[Items listed in a dataset]
▽

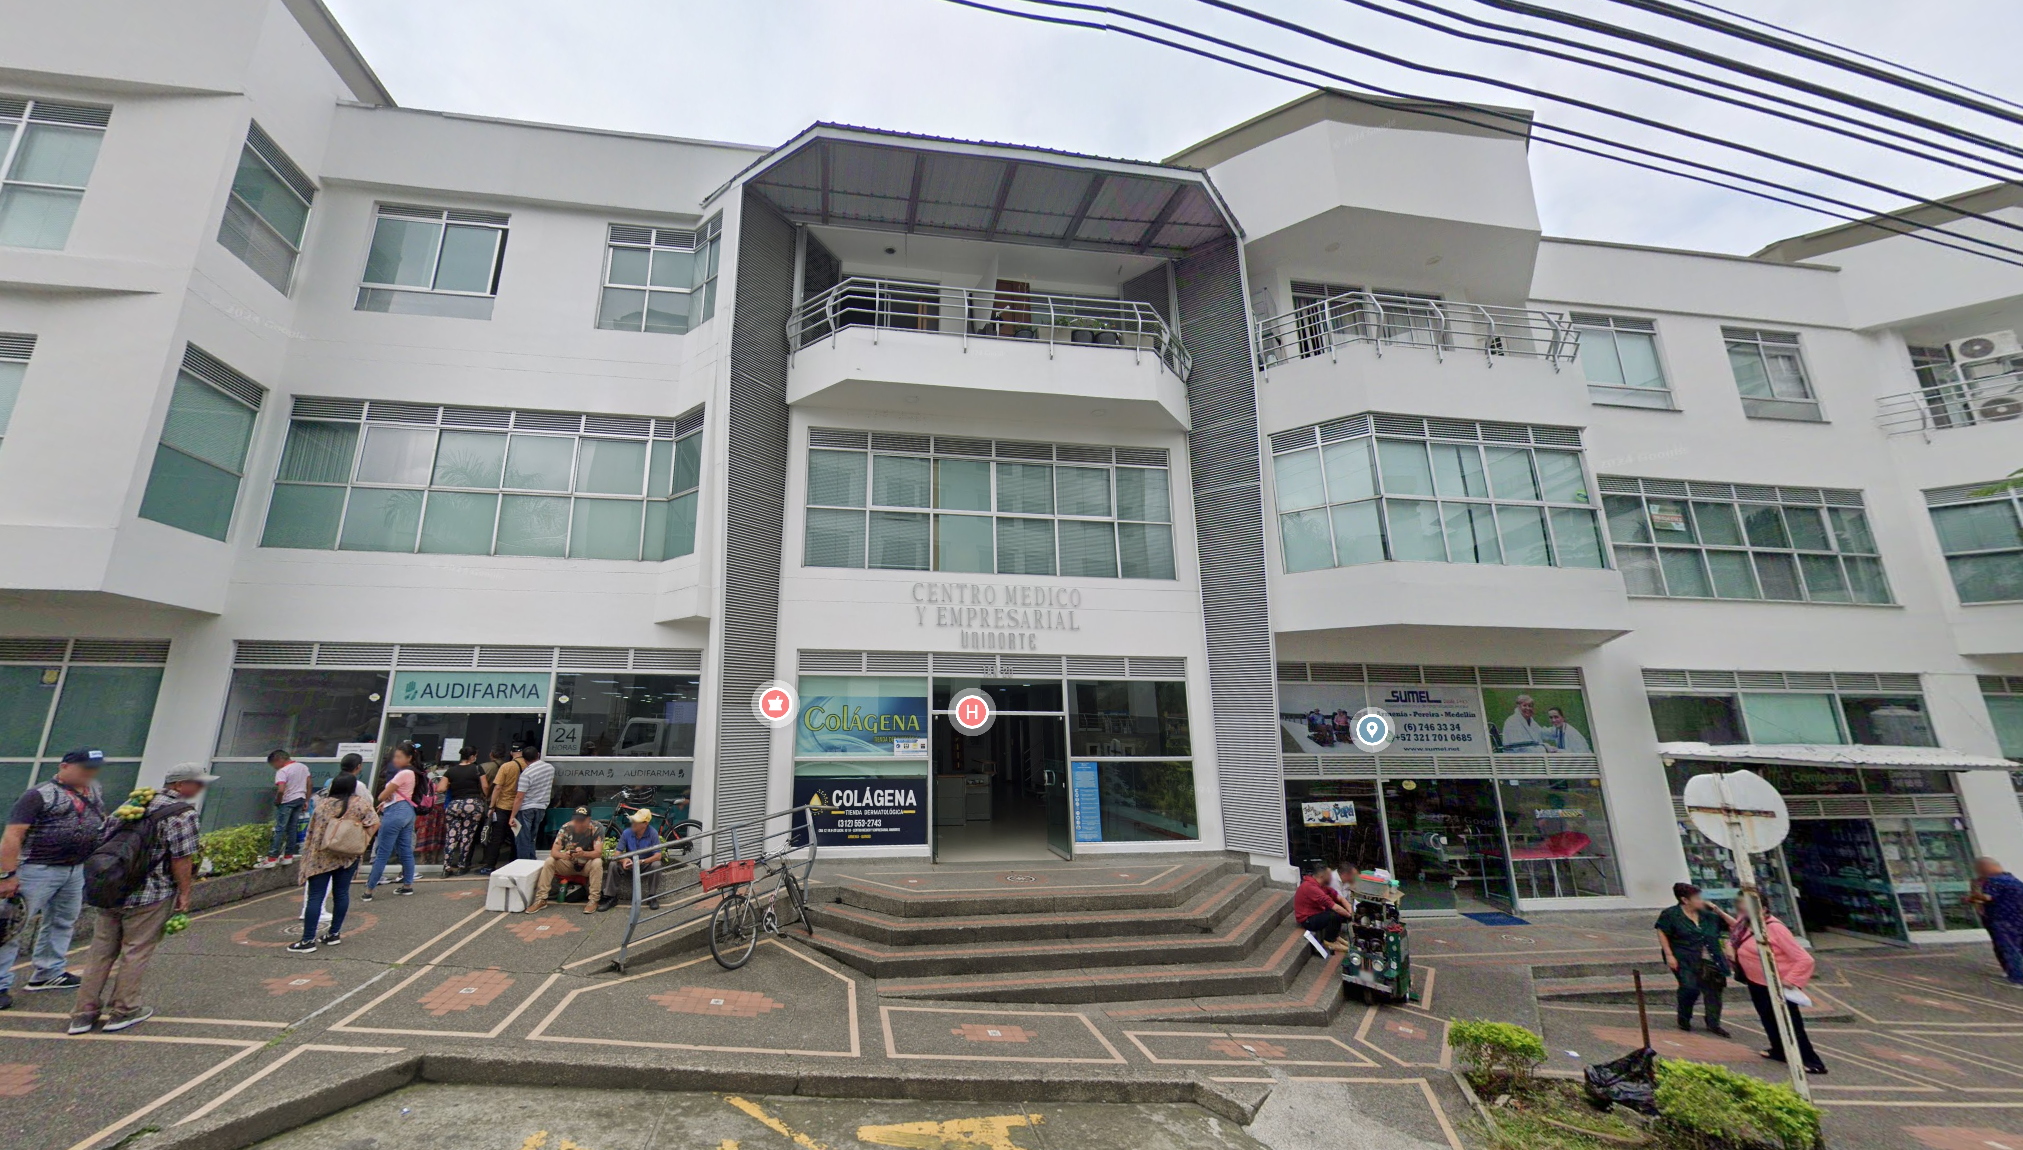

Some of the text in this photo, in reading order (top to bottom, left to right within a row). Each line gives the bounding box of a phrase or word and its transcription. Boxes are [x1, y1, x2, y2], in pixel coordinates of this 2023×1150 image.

[912, 582, 1082, 608] CENTRO MEDICO
[915, 605, 1081, 631] Y EMPRESARIAL
[961, 629, 1037, 651] UNINORTE
[420, 682, 540, 699] AUDIFARMA
[1385, 691, 1442, 703] SUMEL
[554, 728, 577, 743] 24
[1404, 723, 1461, 732] (6) 746 33 34
[1413, 734, 1430, 742] 321
[1432, 734, 1449, 742] 701
[1450, 734, 1473, 742] 0685
[623, 769, 676, 777] AUDIFARMA
[832, 786, 917, 807] COLÁGENA

△

**ACTION ITEM**: Without including any pictures, repeat the records above exactly.

**ANSWER FOR THE TASK**:
Some of the text in this photo, in reading order (top to bottom, left to right within a row). Each line gives the bounding box of a phrase or word and its transcription. Boxes are [x1, y1, x2, y2], in pixel coordinates of this 2023×1150 image.

[912, 582, 1082, 608] CENTRO MEDICO
[915, 605, 1081, 631] Y EMPRESARIAL
[961, 629, 1037, 651] UNINORTE
[420, 682, 540, 699] AUDIFARMA
[1385, 691, 1442, 703] SUMEL
[554, 728, 577, 743] 24
[1404, 723, 1461, 732] (6) 746 33 34
[1413, 734, 1430, 742] 321
[1432, 734, 1449, 742] 701
[1450, 734, 1473, 742] 0685
[623, 769, 676, 777] AUDIFARMA
[832, 786, 917, 807] COLÁGENA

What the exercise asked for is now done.